Steve Tarter Season 4 Episode 31

It’s been 80 years since the bloodiest battle of World War II, the Battle of the Bulge, a five-week struggle that started during the Christmas season of 1944 that took 19,000 American lives in fighting in the densely wooded Ardennes region of Germany.

It was Germany’s last stand, said O’Connor, who drew on considerable research of that battle in Jeep Show, a novel that focuses on the U.S. Army’s troupe of performers who put on small variety acts for combat infantry just behind the front lines. 

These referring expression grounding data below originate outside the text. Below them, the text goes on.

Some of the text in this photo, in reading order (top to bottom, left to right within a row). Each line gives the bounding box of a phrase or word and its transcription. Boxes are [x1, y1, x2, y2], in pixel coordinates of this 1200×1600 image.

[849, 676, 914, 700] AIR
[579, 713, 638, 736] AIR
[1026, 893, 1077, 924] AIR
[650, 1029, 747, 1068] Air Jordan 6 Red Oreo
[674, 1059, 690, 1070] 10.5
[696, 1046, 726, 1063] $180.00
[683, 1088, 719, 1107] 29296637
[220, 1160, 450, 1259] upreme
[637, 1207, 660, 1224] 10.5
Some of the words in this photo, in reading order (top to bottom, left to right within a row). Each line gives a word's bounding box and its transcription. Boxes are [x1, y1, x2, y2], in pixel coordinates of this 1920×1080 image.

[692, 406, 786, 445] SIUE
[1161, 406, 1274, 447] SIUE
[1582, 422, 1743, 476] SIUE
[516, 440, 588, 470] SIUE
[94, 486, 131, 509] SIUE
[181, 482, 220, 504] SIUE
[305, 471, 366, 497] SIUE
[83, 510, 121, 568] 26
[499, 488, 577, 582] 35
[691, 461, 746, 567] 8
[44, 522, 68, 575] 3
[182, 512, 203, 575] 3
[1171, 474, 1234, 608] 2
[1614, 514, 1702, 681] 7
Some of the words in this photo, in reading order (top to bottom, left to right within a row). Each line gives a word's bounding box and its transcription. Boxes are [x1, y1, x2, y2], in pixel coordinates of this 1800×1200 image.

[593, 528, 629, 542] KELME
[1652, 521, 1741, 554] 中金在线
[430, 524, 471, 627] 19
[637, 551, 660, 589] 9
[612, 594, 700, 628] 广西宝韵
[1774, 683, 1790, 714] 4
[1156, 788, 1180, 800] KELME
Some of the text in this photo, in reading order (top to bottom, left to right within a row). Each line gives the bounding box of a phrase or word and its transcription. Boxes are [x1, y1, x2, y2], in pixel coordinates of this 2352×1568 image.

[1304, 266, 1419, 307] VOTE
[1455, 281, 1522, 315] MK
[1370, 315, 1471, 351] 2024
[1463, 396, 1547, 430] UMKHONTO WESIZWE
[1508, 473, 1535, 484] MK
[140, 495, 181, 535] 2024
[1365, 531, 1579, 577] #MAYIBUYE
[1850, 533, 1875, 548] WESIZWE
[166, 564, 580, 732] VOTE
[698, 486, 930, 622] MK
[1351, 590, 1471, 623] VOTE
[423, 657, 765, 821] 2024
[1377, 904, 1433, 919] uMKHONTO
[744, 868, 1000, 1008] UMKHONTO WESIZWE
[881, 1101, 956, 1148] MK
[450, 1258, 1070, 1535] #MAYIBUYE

While the USO entertained troops throughout the war in larger productions with stars such as Bob Hope, the Andrews Sisters and Dinah Shore, the Jeep shows, so named because performers often arrived in a Jeep, were smaller affairs designed to reach the fighting men on the front line or at air bases. 

It was entertainment in a hurry and sometimes risky. Jeep shows performed in forward areas too dangerous for USO shows or the Red Cross. The war also demanded a lot from the entertainers. Sometimes Jeep show teams would put on as many as 11 shows in a day, said O’Connor.

Mickey Rooney, one of the central figures in O’Connor’s story, was a real-life Jeep show squad leader during the war, earning a Bronze Star for his service. Other Jeep show performers, not all well-known at the time, who went on to stardom included Mel Brooks, Red Buttons, Burt Lancaster, Dick Van Dyke, and Sammy Davis Jr., said O’Connor.

“Sammy Davis Jr. may have been the first black man to integrate the U.S. Army since the service was still segregated at the time,” O’Connor noted.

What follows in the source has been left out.